DEV Community

Cover image for How to Make an Automatic Speech Recognition System with Wav2Vec 2.0 on E2E’s Cloud GPU Server
Akriti Upadhyay
Akriti Upadhyay

Posted on • Updated on

How to Make an Automatic Speech Recognition System with Wav2Vec 2.0 on E2E’s Cloud GPU Server

Introduction

Creating an Automatic Speech Recognition (ASR) system using Wav2Vec 2.0 on E2E's Cloud GPU server is a compelling endeavor that brings together cutting-edge technology and robust infrastructure. Leveraging the power of Wav2Vec 2.0, a state-of-the-art framework for self-supervised learning of speech representations, and harnessing the capabilities of E2E's Cloud GPU server, this guide will walk you through the process of developing an efficient ASR system. From setting up the necessary components to fine-tuning your model on the cloud, this article will provide a comprehensive overview, enabling you to harness the potential of ASR for diverse applications.

Let's embark on a journey to build a high-performance Automatic Speech Recognition System on E2E's Cloud GPU server.

Automatic Speech Recognition System

Automatic Speech Recognition (ASR) is a technology that empowers computers to interpret and transcribe spoken language into written text. This innovative field, falling under the umbrella of computational linguistics, plays a pivotal role in applications ranging from voice-to-text dictation software to virtual assistants, call center systems, transcription services, and accessibility tools. Additionally, ASR systems can be employed for speech synthesis, generating spoken language from text or other inputs.

Types of ASR Systems

  1. Rule-Based ASR: Rule-based Automatic Speech Recognition (ASR) employs predefined rules and patterns to match acoustic features with linguistic units, prioritizing simplicity and speed. While effective in well-defined language and low-noise scenarios, it has limitations such as a restricted vocabulary and struggles with noisy or ambiguous speech. Consequently, rule-based ASR excels in specific contexts but may not be ideal for applications demanding flexibility in vocabulary or robust performance in challenging acoustic conditions.

  2. Statistical ASR: Statistical Automatic Speech Recognition (ASR) utilizes statistical models to map acoustic features to linguistic units, demonstrating adaptability with variable vocabulary sizes and noise resilience. While versatile, it requires substantial training data and computational resources for accurate models. The statistical approach enables the system to extract intricate patterns from diverse datasets, enhancing its flexibility in transcribing speech.
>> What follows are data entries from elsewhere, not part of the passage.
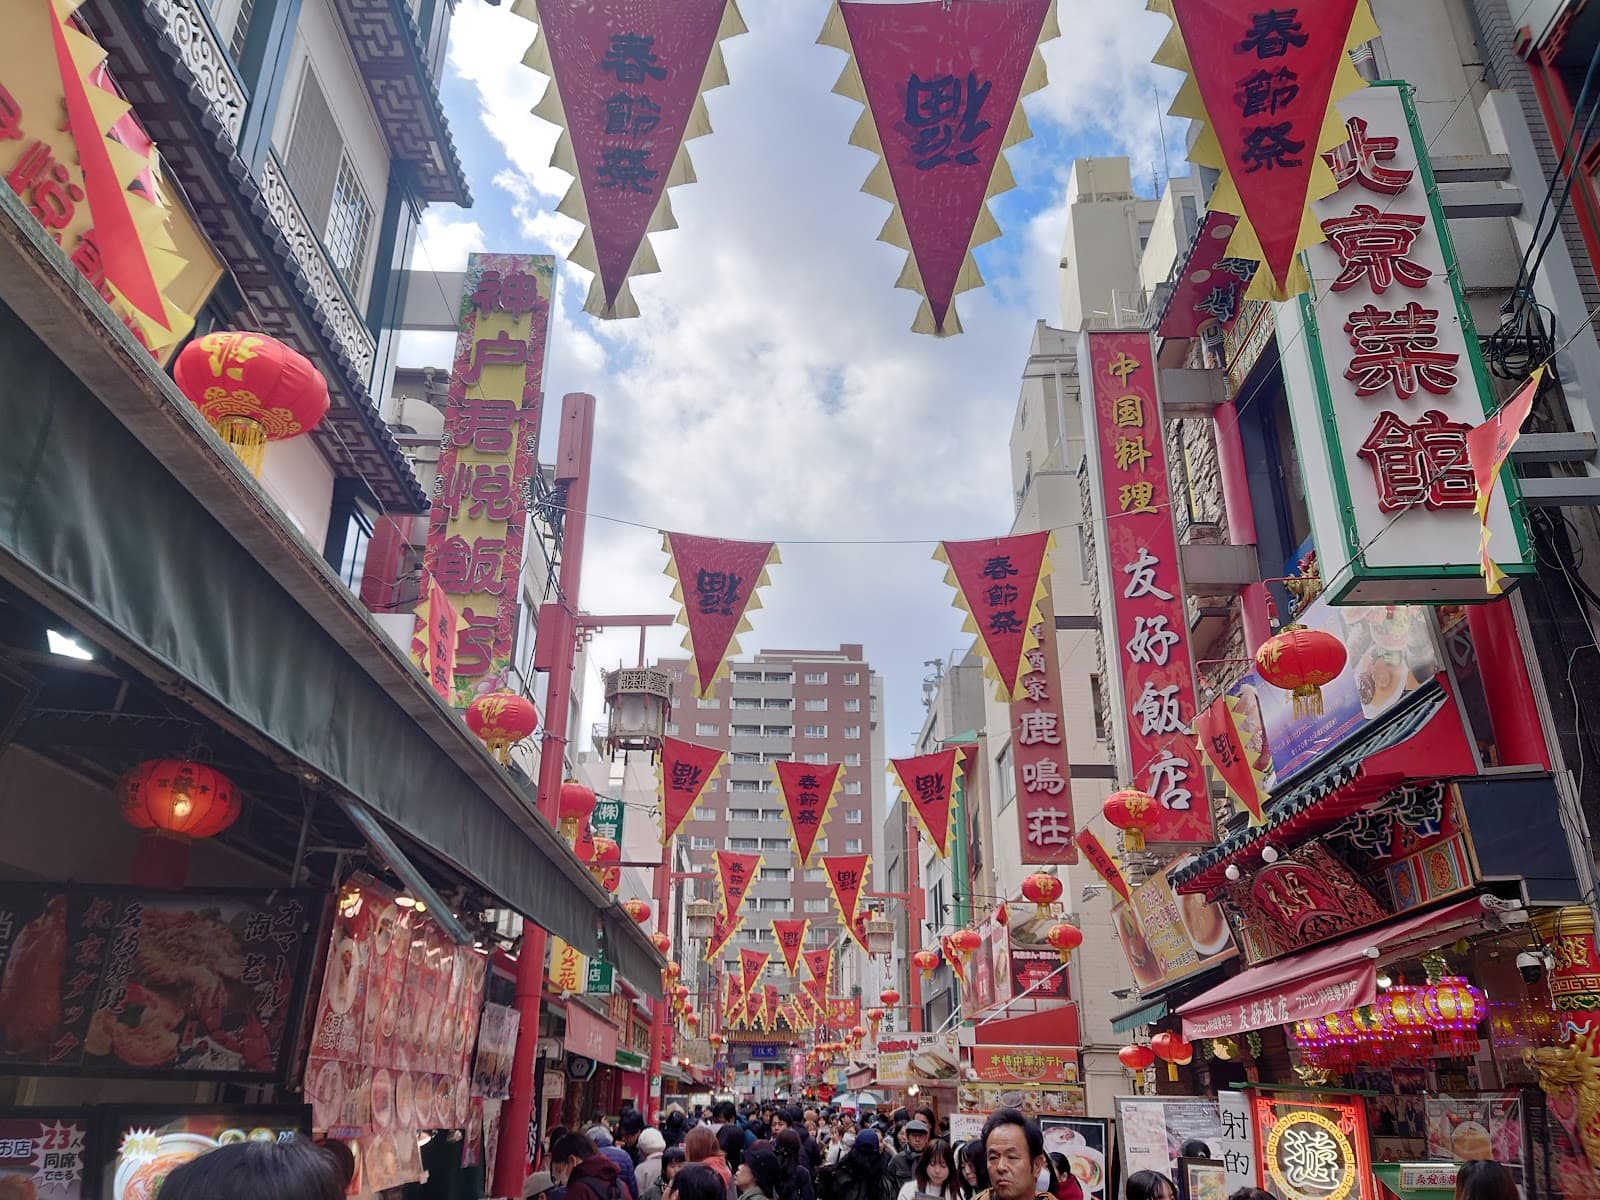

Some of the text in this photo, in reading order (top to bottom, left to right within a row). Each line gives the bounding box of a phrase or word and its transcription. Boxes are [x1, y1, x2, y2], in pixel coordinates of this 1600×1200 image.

[600, 32, 667, 194] 春節祭
[1238, 8, 1309, 173] 春節祭
[1318, 117, 1482, 514] 北京菜館
[1108, 352, 1158, 515] 中国料理
[983, 555, 1023, 635] 春節祭
[1123, 547, 1193, 811] 友好飯店
[797, 774, 820, 825] 春節祭
[1019, 708, 1071, 847] 鹿鳴荘
[1239, 994, 1290, 1030] 友好飯店
[991, 1055, 1064, 1068] 本格中華ポテト
[42, 1127, 81, 1150] 23人
[43, 1152, 76, 1169] 同席
[1221, 1109, 1250, 1176] 射的
[43, 1170, 74, 1182] できる
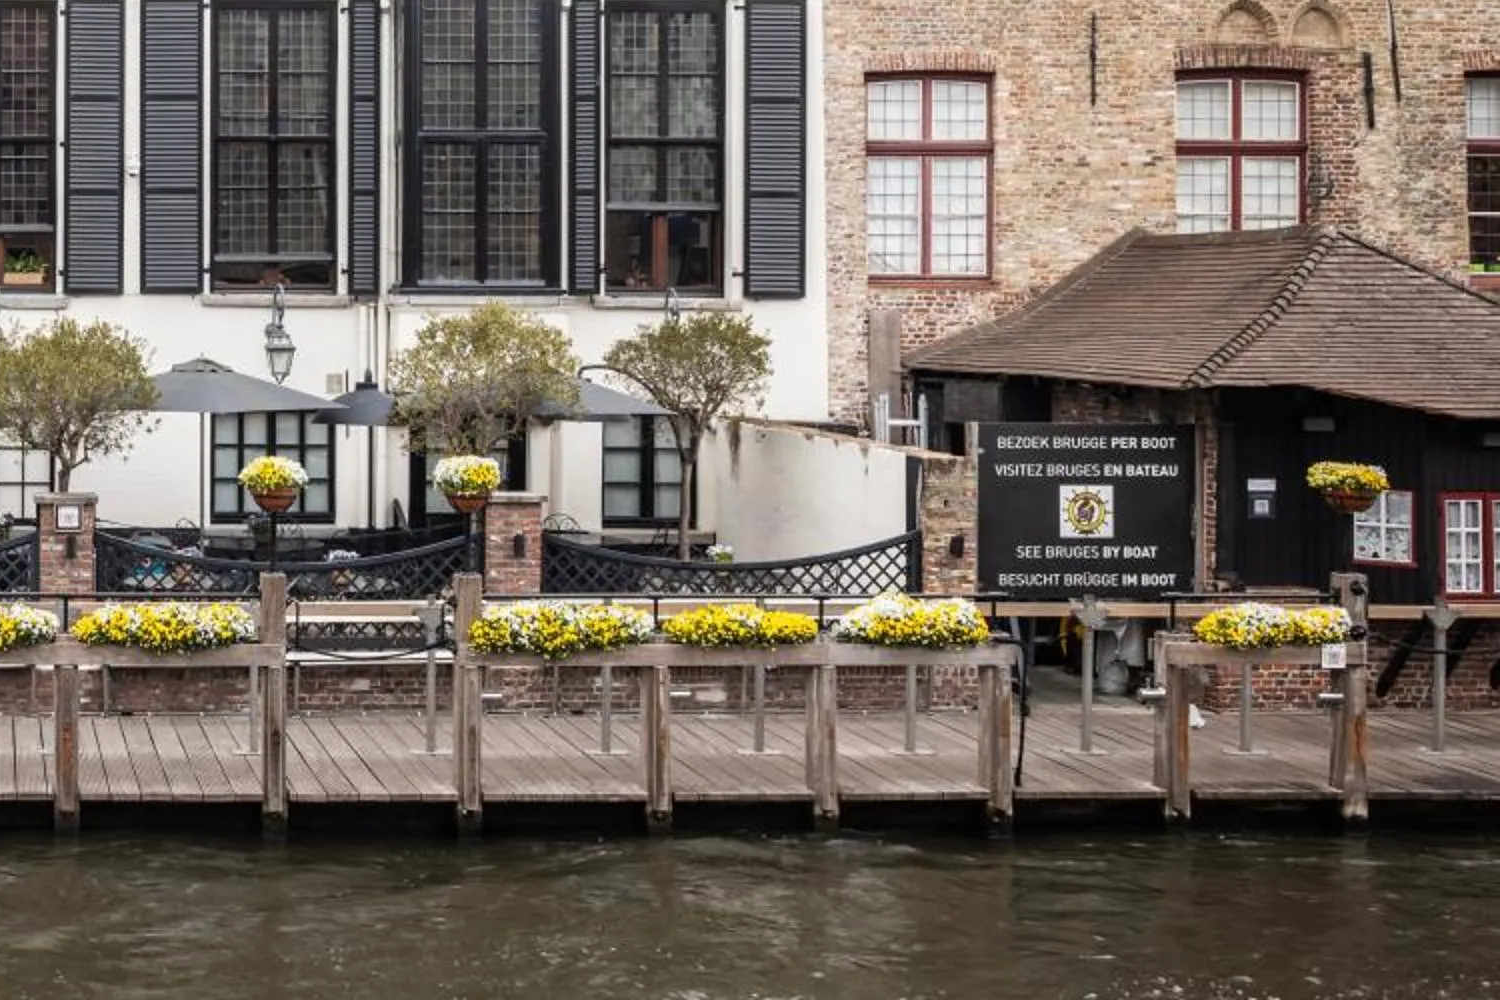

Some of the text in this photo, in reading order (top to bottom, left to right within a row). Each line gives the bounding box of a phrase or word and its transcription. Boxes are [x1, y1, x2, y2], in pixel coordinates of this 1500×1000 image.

[997, 436, 1176, 449] BEZOEK BRUGGE PER BOOT
[994, 463, 1179, 477] VISITEZ BRUGES EN BATEAU
[1016, 545, 1158, 559] SEE BRUGES BY BOAT
[998, 571, 1176, 587] BESUCHT BRÜGGE IM BOOT
This makes statistical ASR well-suited for applications dealing with varying vocabulary sizes and common challenges like ambient noise.

  3. Neural Network-Based ASR: Neural network-based Automatic Speech Recognition (ASR) utilizes deep learning to achieve high accuracy and robust performance in transcribing speech. By discerning intricate patterns in speech signals, it excels in recognizing nuances. However, this heightened performance requires substantial training data and computational resources. The training process involves exposing the network to large, diverse datasets, demanding significant computational power. Despite its resource-intensive nature, neural network-based ASR is a formidable choice for applications prioritizing precision and adaptability in handling diverse linguistic patterns.

Examples of Neural Network-Based ASR Models

  1. Transformer-Based ASR: Transformer-based Automatic Speech Recognition (ASR) employs attention mechanisms to capture long-range dependencies between acoustic features and linguistic units. This approach has demonstrated exceptional performance, achieving state-of-the-art results on benchmark datasets like LibriSpeech and Common Voice. The use of attention mechanisms allows the model to effectively analyze and incorporate information from distant parts of the input, enhancing its ability to transcribe spoken language with high accuracy and efficiency.

  2. CNN-Based ASR: CNN-based Automatic Speech Recognition (ASR) utilizes convolutional filters to extract local features from acoustic signals and can be seamlessly combined with RNNs or transformers. This approach excels in handling variable-length sequences and effectively addresses long-term dependencies in speech data. By leveraging convolutional filters, the model efficiently captures local patterns, while its compatibility with other architectures enhances its adaptability to diverse speech recognition challenges.

  3. Hybrid Neural Network-Based ASR: Hybrid Automatic Speech Recognition (ASR) combines various neural network architectures to capitalize on their individual strengths and mitigate limitations. An illustrative example involves integrating Recurrent Neural Networks (RNNs) to handle short-term dependencies and transformers to address long-term dependencies. This hybrid approach allows the system to benefit from the complementary features of different architectures, enhancing its overall performance and adaptability in recognizing and transcribing spoken language.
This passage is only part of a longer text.